Cosa significa "namastè"? Qual è la vostra mission?
Letteralmente significa "Mi inchino a te". È un gesto utilizzato come saluto per gli Hindu (le due mani unite a portate all'altezza del cuore con il capo leggermente chino). È un gesto di amicizia e cortesia, ma anche un ringraziamento. La nostra mission è prevalentemente educativa (io ero un'insegnante) perché un bambino non ha solo bisogno di cibo e di un tetto sulla testa per vivere e crescere nel miglior modo possibile: deve poter studiare ed essere seguito, sapere di avere qualcuno su cui contare nei momenti difficili. Ma col tempo i nostri progetti si sono ampliati e diversificati, per aderire meglio alle situazioni reali: ci occupiamo anche di anziani (vedove in particolare), costruzione di case, imprenditoria femminile (microcredito) e sport.
Ci parla del vostro progetto di adozione a distanza? Come avviene in pratica? Quanto costa e come sono utilizzati i soldi dell'adozione?
Il nostro "sostegno a distanza" è assolutamente personalizzato: il sostenitore scrive, manda lettere e regali, può venire in India a trovare il "suo" bimbo, oppure decidere di costruirgli la casa, comprargli la bicicletta.Il costo varia dai 150 ai 450 euro l'anno, a seconda della volontà del sostenitore e dei bisogni del bambino. Alcuni bambini (quelli in case-famiglia) li manteniamo noi completamente, gli altri dipende dalle situazioni: diamo dei soldi solo nel caso in cui non ci siano padri alcolizzati, altrimenti ci limitiamo a fornire materiali (scolastici, alimentari, medici) e servizi (trasporti, lezioni di supporto, dispensario, asilo).

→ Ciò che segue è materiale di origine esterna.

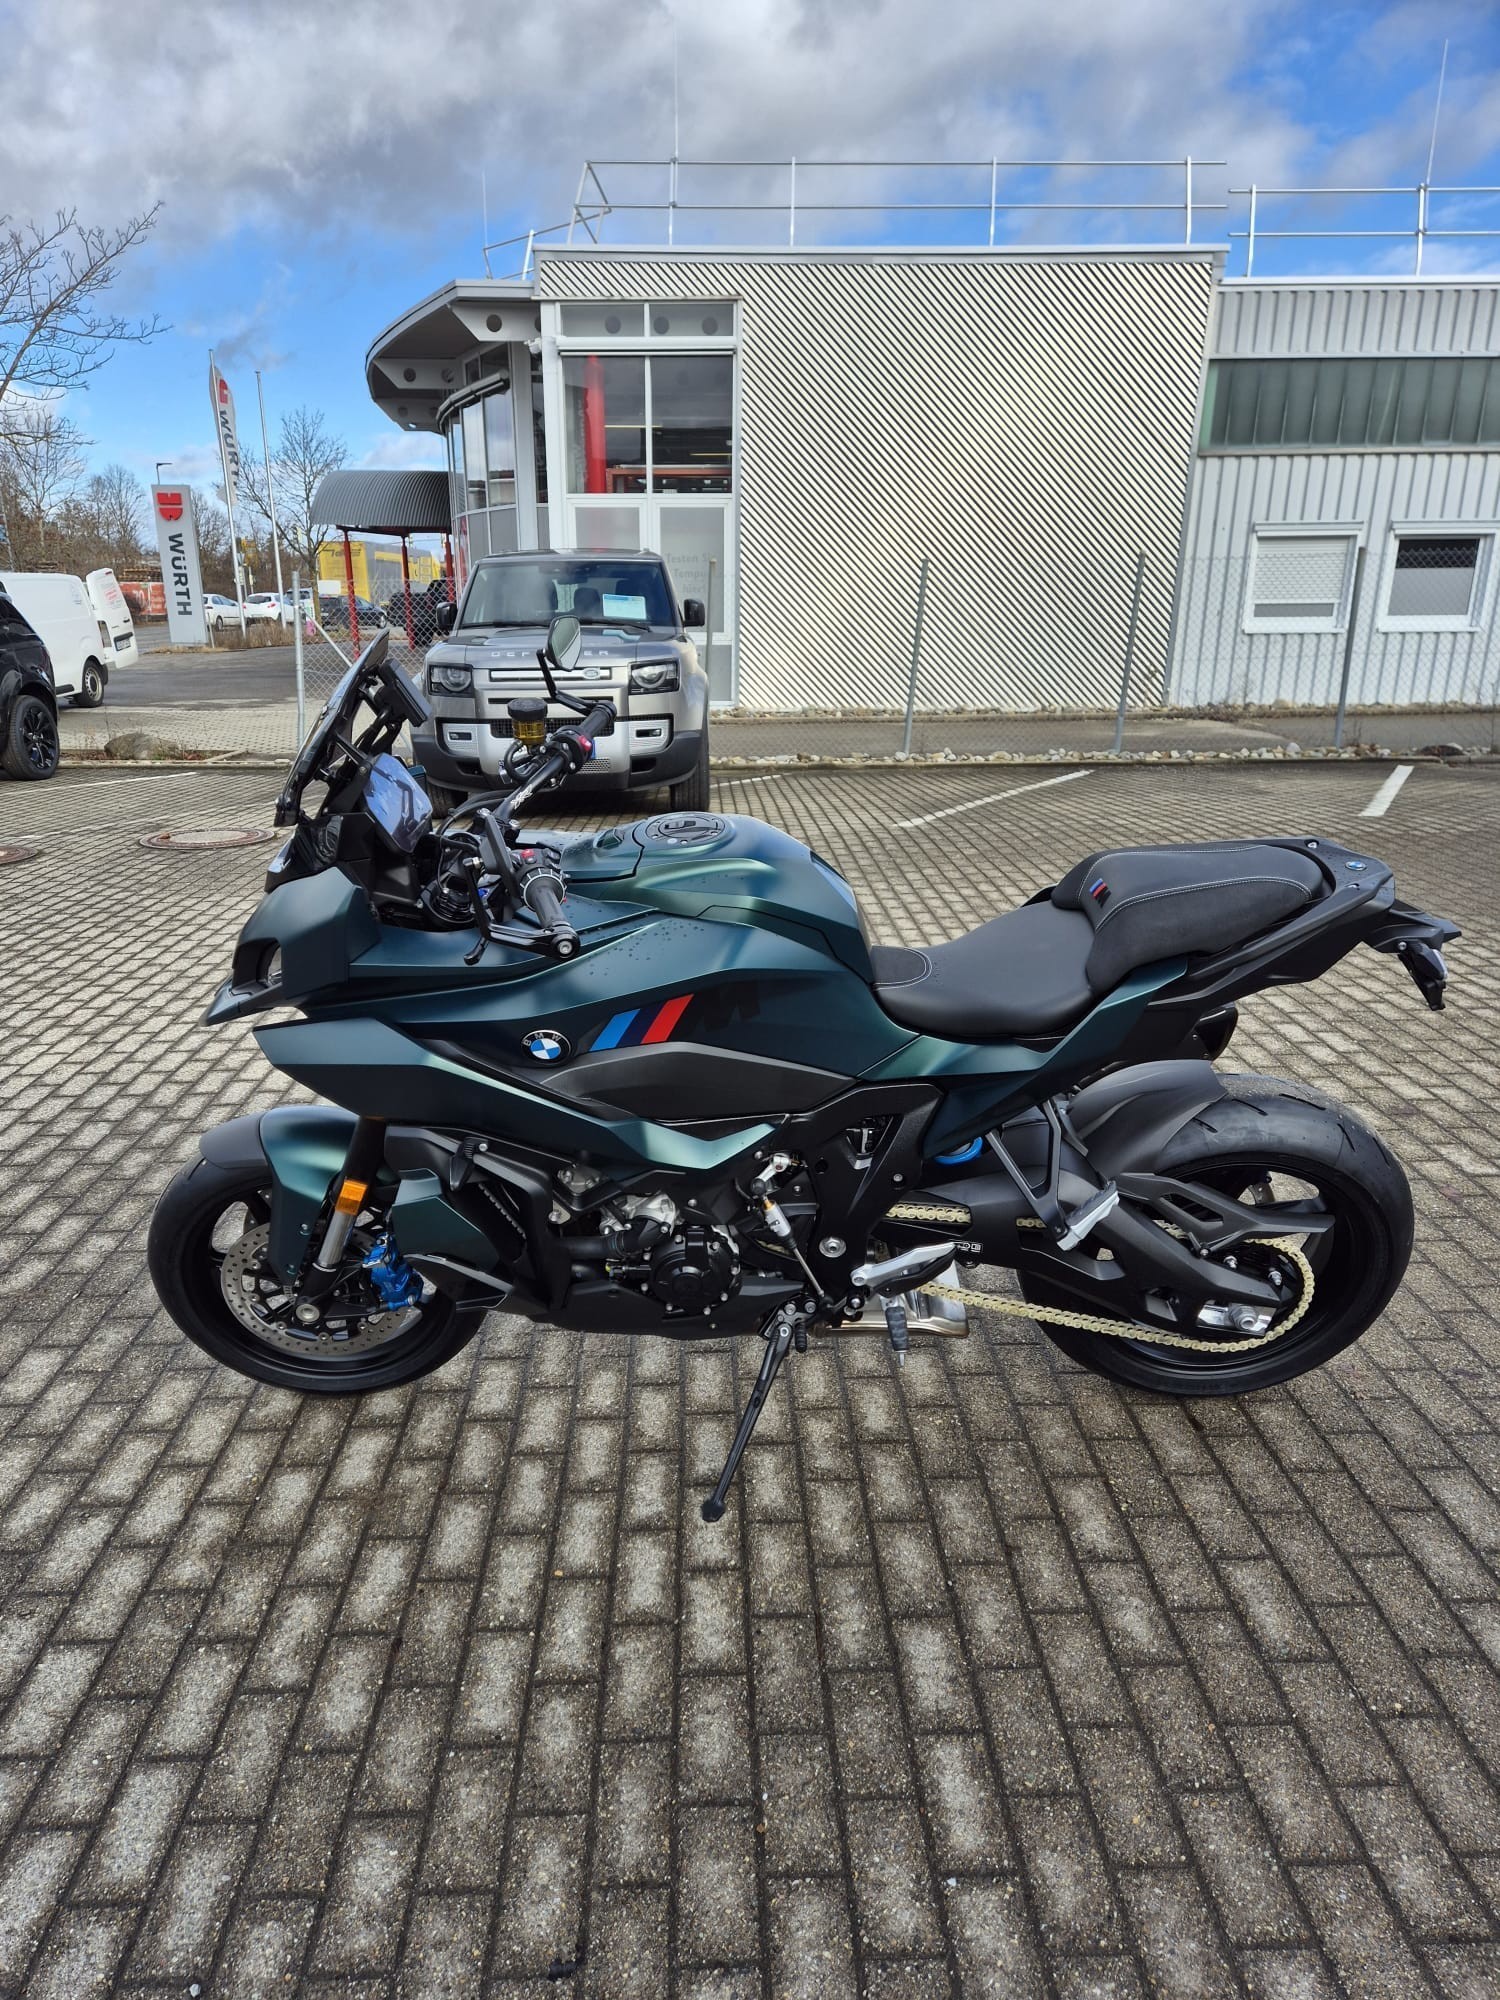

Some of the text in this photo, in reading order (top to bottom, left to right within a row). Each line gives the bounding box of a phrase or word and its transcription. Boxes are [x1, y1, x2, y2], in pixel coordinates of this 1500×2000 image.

[168, 532, 193, 616] WÜRTH
[490, 649, 609, 658] DEFER
[520, 1032, 562, 1047] BMW
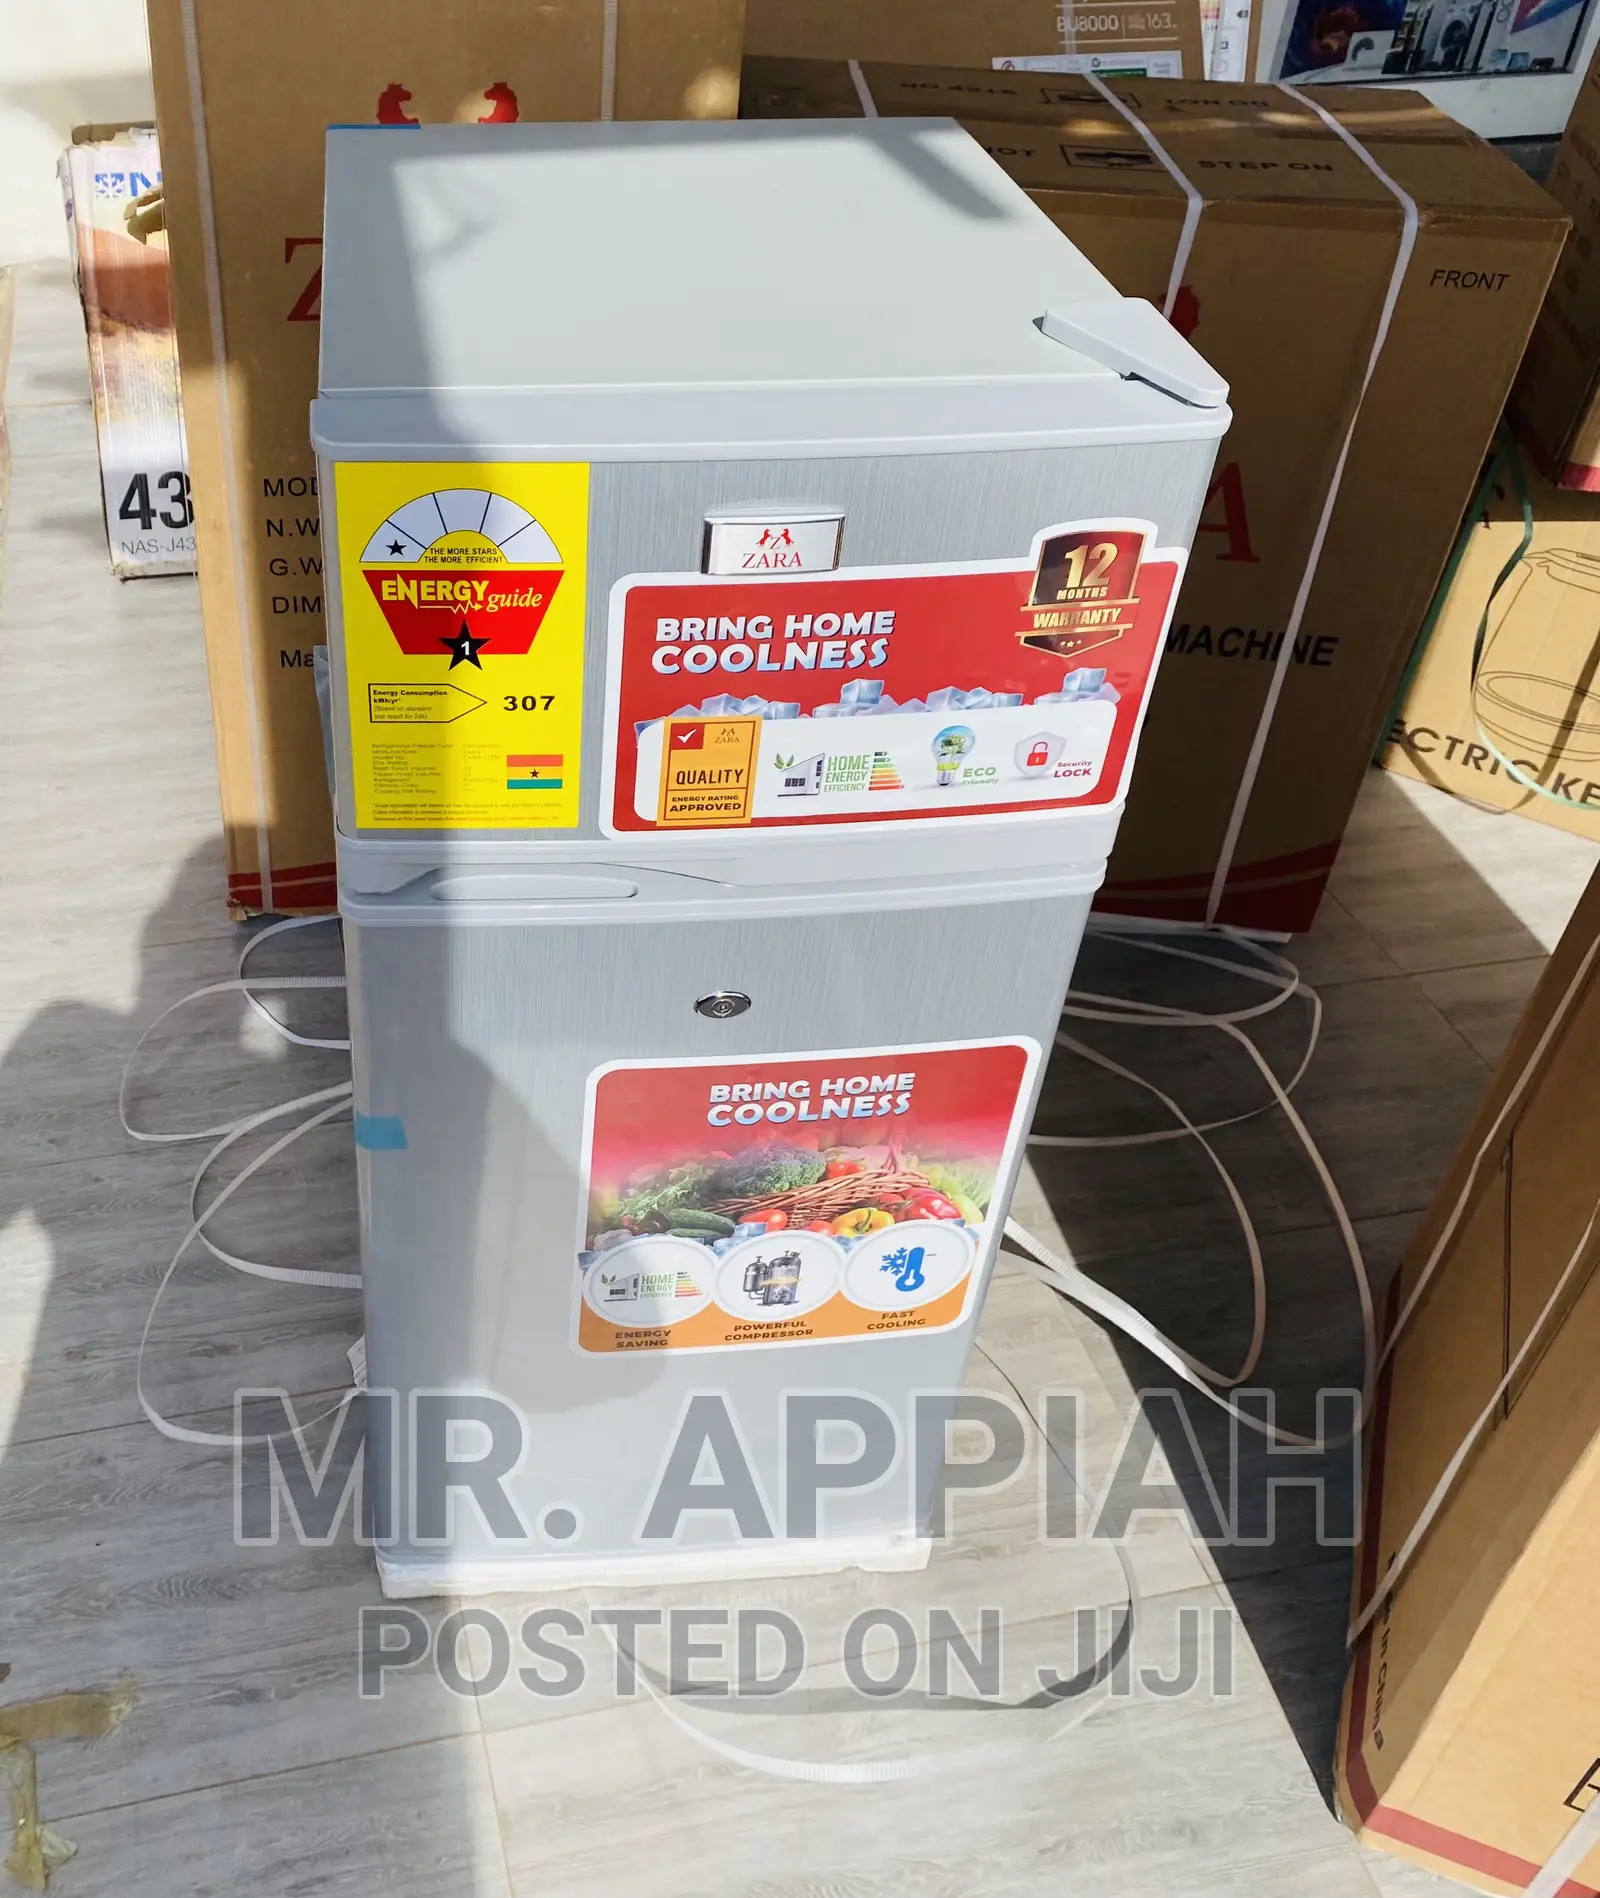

Qual è, ad oggi, il grado di adesione delle famiglie italiane? Quanto è importante che l'impegno sia mantenuto nel tempo?
Noi chiediamo un impegno di almeno 3 anni, ma di solito chi adotta uno dei nostri bimbi lo porta fino ai 18 anni. La fidelizzazione è altissima (97%) per lo stretto rapporto che noi incoraggiamo fortemente tra famiglia e bambino. La durata dell'impegno è fondamentale: altrimenti che senso ha parlare di "adozione"?
Periodicamente saltano fuori degli scandali per la sottrazione indebita di fondi destinati ai bambini. Qual è la sua opinione al riguardo? Come mai accadono queste cose?
Purtroppo queste cose succedono, soprattutto nelle grosse organizzazioni non sostenute dal volontariato e in cui c'entra la politica, in qualche modo. È una cosa disgustosa e che fa molto male a tutte le organizzazioni oneste, ma malauguratamente piuttosto facile da realizzarsi. Non ci sono controlli "veri" da parte di nessuno. Ci si limita a controlli formali. Come nel caso del 5 per mille. Noi siamo stati esclusi perchè ho dimenticato una fotocopia assolutamente inutile da allegare alla domanda: così organizzazioni che nulla hanno a che fare con il no-profit si prenderanno anche i soldi destinati a Namastè per un cavillo formale. E a nessuno, giornalisti in primis, gliene può fregare di meno. Siamo moltissime (soprattutto piccole) associazioni ad aver avuto questa batosta, mentre la CRI e la FAO spendono e spandono in feste, regali e alberghi di lusso.